Phil Wainewright's discussion about the cost of running highly scalable SaaS applications like SuccessFactors comes at the right time. He says:
Speaking in the opening keynote of SIIA OnDemand in San Jose this morning, SuccessFactors CEO Lars Dalgaard let slip a statistic that set several attendees a-twittering. He revealed that the SaaS provider’s multi-tenant application infrastructure supports its 2,850+ customers and 5.4+ million users on just 150 servers.
There's a bit of information missing here. Are we talking servers as in blades or servers as in racks? Either way it allowed Phil to segue nicely into a SaaS economics 101 argument coupled with the usual swipe at on-premise deployment costs. It's a fair point and one that isn't lost on the traditional enterprise players. But it also opens the way to a refinement of that discussion. One that relates to value.
While at SAP TechEd, I met with Thomas Otter, long time SAP solutions architect and now Gartner analyst. We were discussing the SuccessFactors deal at Siemens that should see SuccessFactors deployed to some 420,000 users. By any analysis that's a HUGE deployment and arguably only possible via SaaS architectures. I am more interested in the sell side economics and asked Thomas what sort of value HR related applications have in the wider market.
He correctly pointed out that HR isn't viewed as business critical in the same way as ERP but then I countered by suggesting that talent management might be regarded as business critical at a time when it is not only important to staff at the correct levels but ensure you have the right staff. Thomas agreed but also noted that recruitment software selling is tough in current market conditions and, by implication, might have a relatively low cost per user.
As we danced around this topic I wondered what this means for software vendors. Now that Phil has provided us with some facts on SuccessFactors user numbers, we can parse those back to the company's results. Full year guidance from the company suggests revenue of around $150 million for the year. Taking all customers noted by the company's CEO in Phil's quote, that means average annualized deal value of around $52,600. At the user level that equates to a mere $28 per user per annum.
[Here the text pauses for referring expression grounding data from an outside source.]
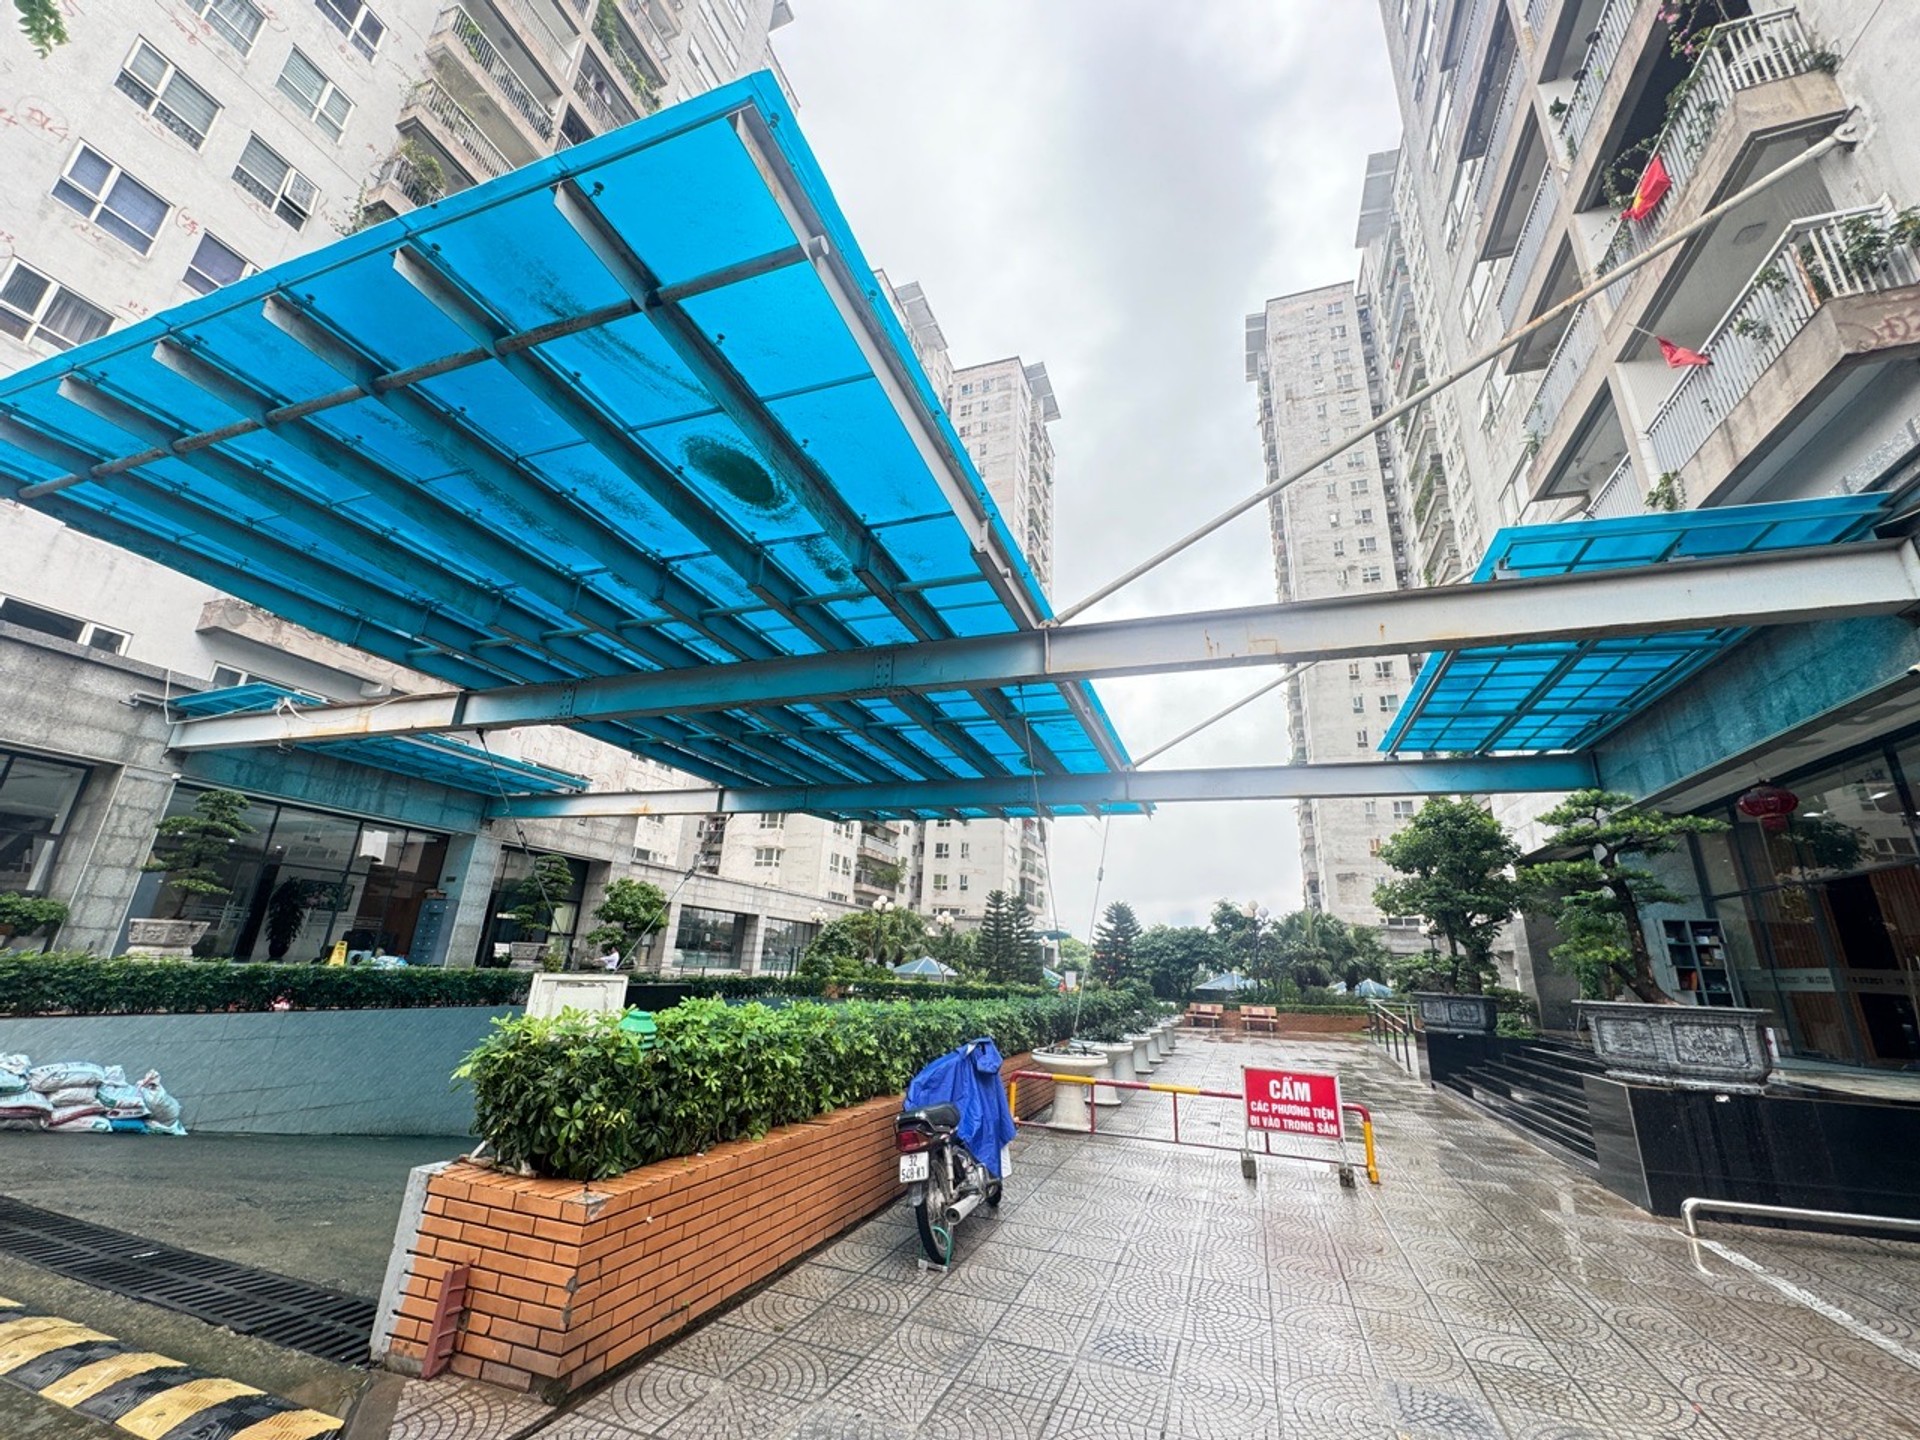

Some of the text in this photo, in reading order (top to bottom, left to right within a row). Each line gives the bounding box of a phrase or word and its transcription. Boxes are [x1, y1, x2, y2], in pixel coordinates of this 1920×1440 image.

[1269, 1076, 1311, 1102] CẤM
[1250, 1100, 1335, 1121] CÁC PHƯƠNG TIỆN
[1250, 1115, 1260, 1127] ĐI
[1262, 1114, 1281, 1129] VÀO
[1283, 1118, 1315, 1132] TRONG
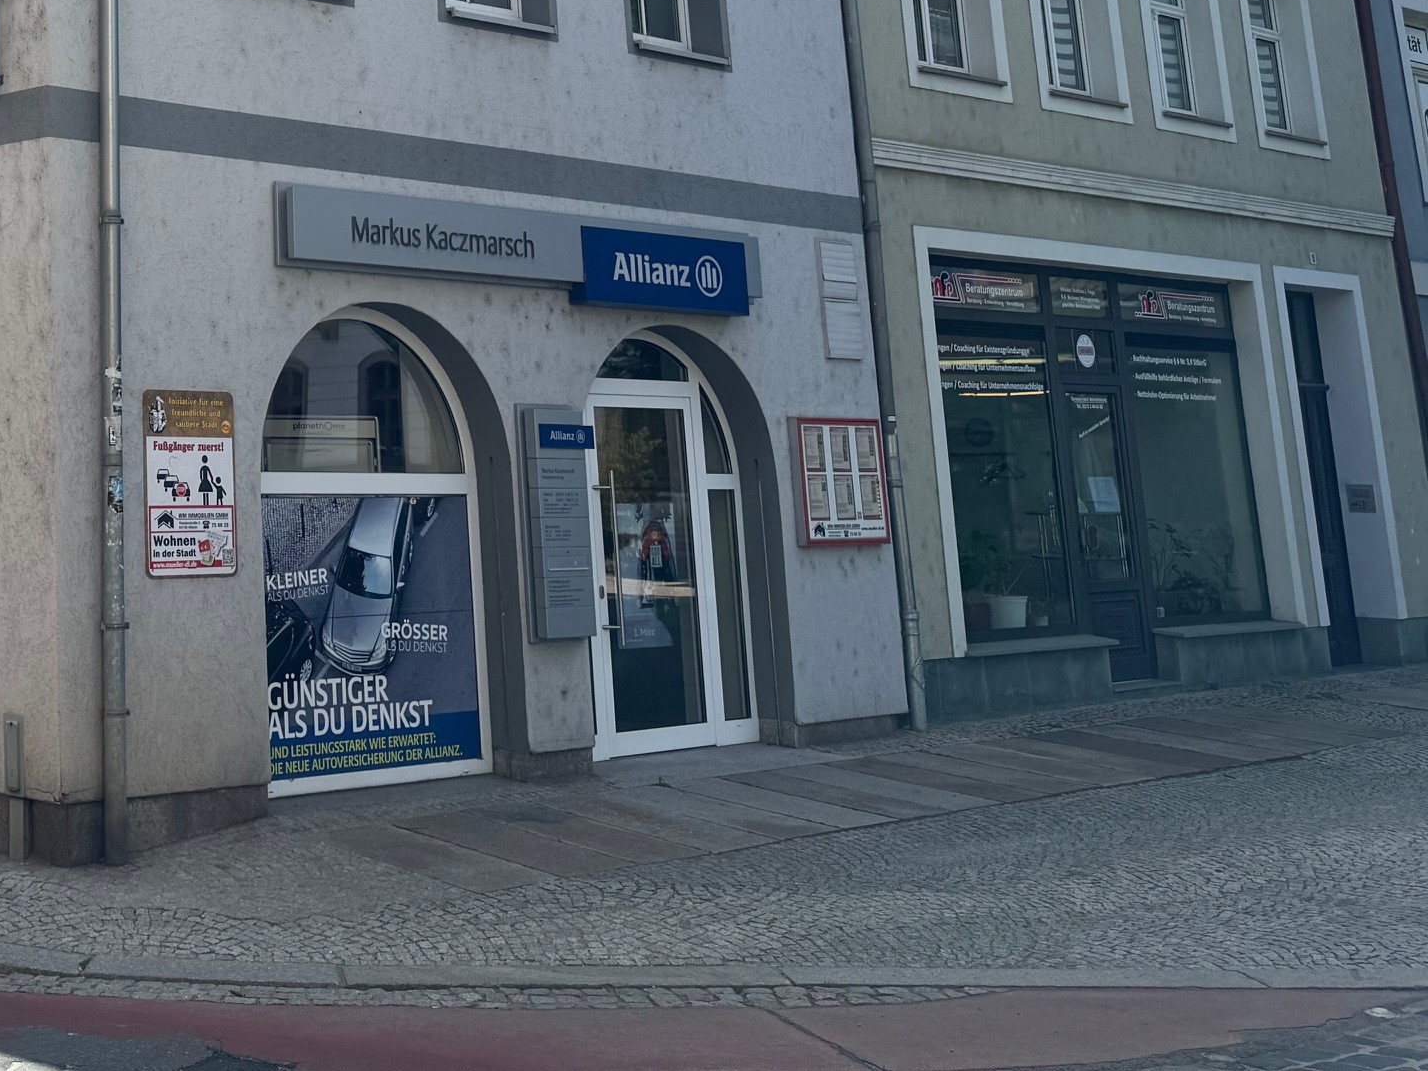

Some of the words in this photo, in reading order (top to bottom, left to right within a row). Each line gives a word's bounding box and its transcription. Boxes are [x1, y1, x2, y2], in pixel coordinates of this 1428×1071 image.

Compare that with the anecdotally quoted average per user cost of an SAP or Oracle customer running ERP: $4,000. And that's just the license. You can argue as Jim Hagemann Snabe, an executive board member at SAP does that SAP demonstrates its scalability and resilience by being the operational back office for companies like Apple and its AppStore/iTunes. I liked the stat which says SAP runs 75% of mainstream beer production and 65% of the world's chocolate production. And it is true that for some industries, the fact SAP has to be running with minimal downtime is business critical. But given the stark difference in cost between an admittedly narrow set of functionality such as talent management and ERP, are we honestly supposed to believe that there is a difference equating to a factor of x143? And all that before considering infrastructure, data center etc costs?
The bulk of what sells as ERP is based on accounting. Jim Snabe even referred to Pacioli's 15 century book-keeping model during his keynote. By now these software should be commodity applications at the functional level. They should be costing the customer no more than a few hundred bucks per user. Especially given that companies like SAP are trying hard to get customers to adopt standard implementations with less or no customizations to the core functionality. But no. All the on-premise vendors continue to assume that a premium applies. That is true all the way through from SAP/Oracle down to those players who sell into the SME market. But wait a minute. We already have SaaS pricing with Business ByDesign ($149/user/month pretty much all you can eat, maintenance and infrastructure included)...but look what that does for Suite pricing?
Financial analysts fear the transition to SaaS will push SAP in particular (but why not Oracle, Infor, Microsoft?) down a path of self immolation. Not any time soon. The trailing service and support revenues from customers is baked into the deals. But here we question value delivered. Mature shops can think in terms of $5,000 amortized cost per support call. Ouch!
So just where is the value of software going to end up being priced? Or does it matter? One view of the SaaS world is it doesn't matter because the number of deals to be done is so huge, the market so large that there is plenty enough to be mined at bucket shop prices. Monster deals such as Siemens/SuccessFactors should not surprise. Reaching a critical mass of market awareness IS a problem for all but the top handful of vendors. Hence the need for SaaS vendors to spend 60-70% of revenue on marketing activities to achiev e high run rates at break even.
Pricing as my good friend Vinnie likes to point out is a dark art. But with the attention now focused on value and pointers being offered by SuccessFactors, Salesforce.com, Workday, Intacct and others, you have to wonder how long premium on-premise pricing can hold up. If you take that line then the vendors won't need to self immolate, the market alternatives will simply bowl them over.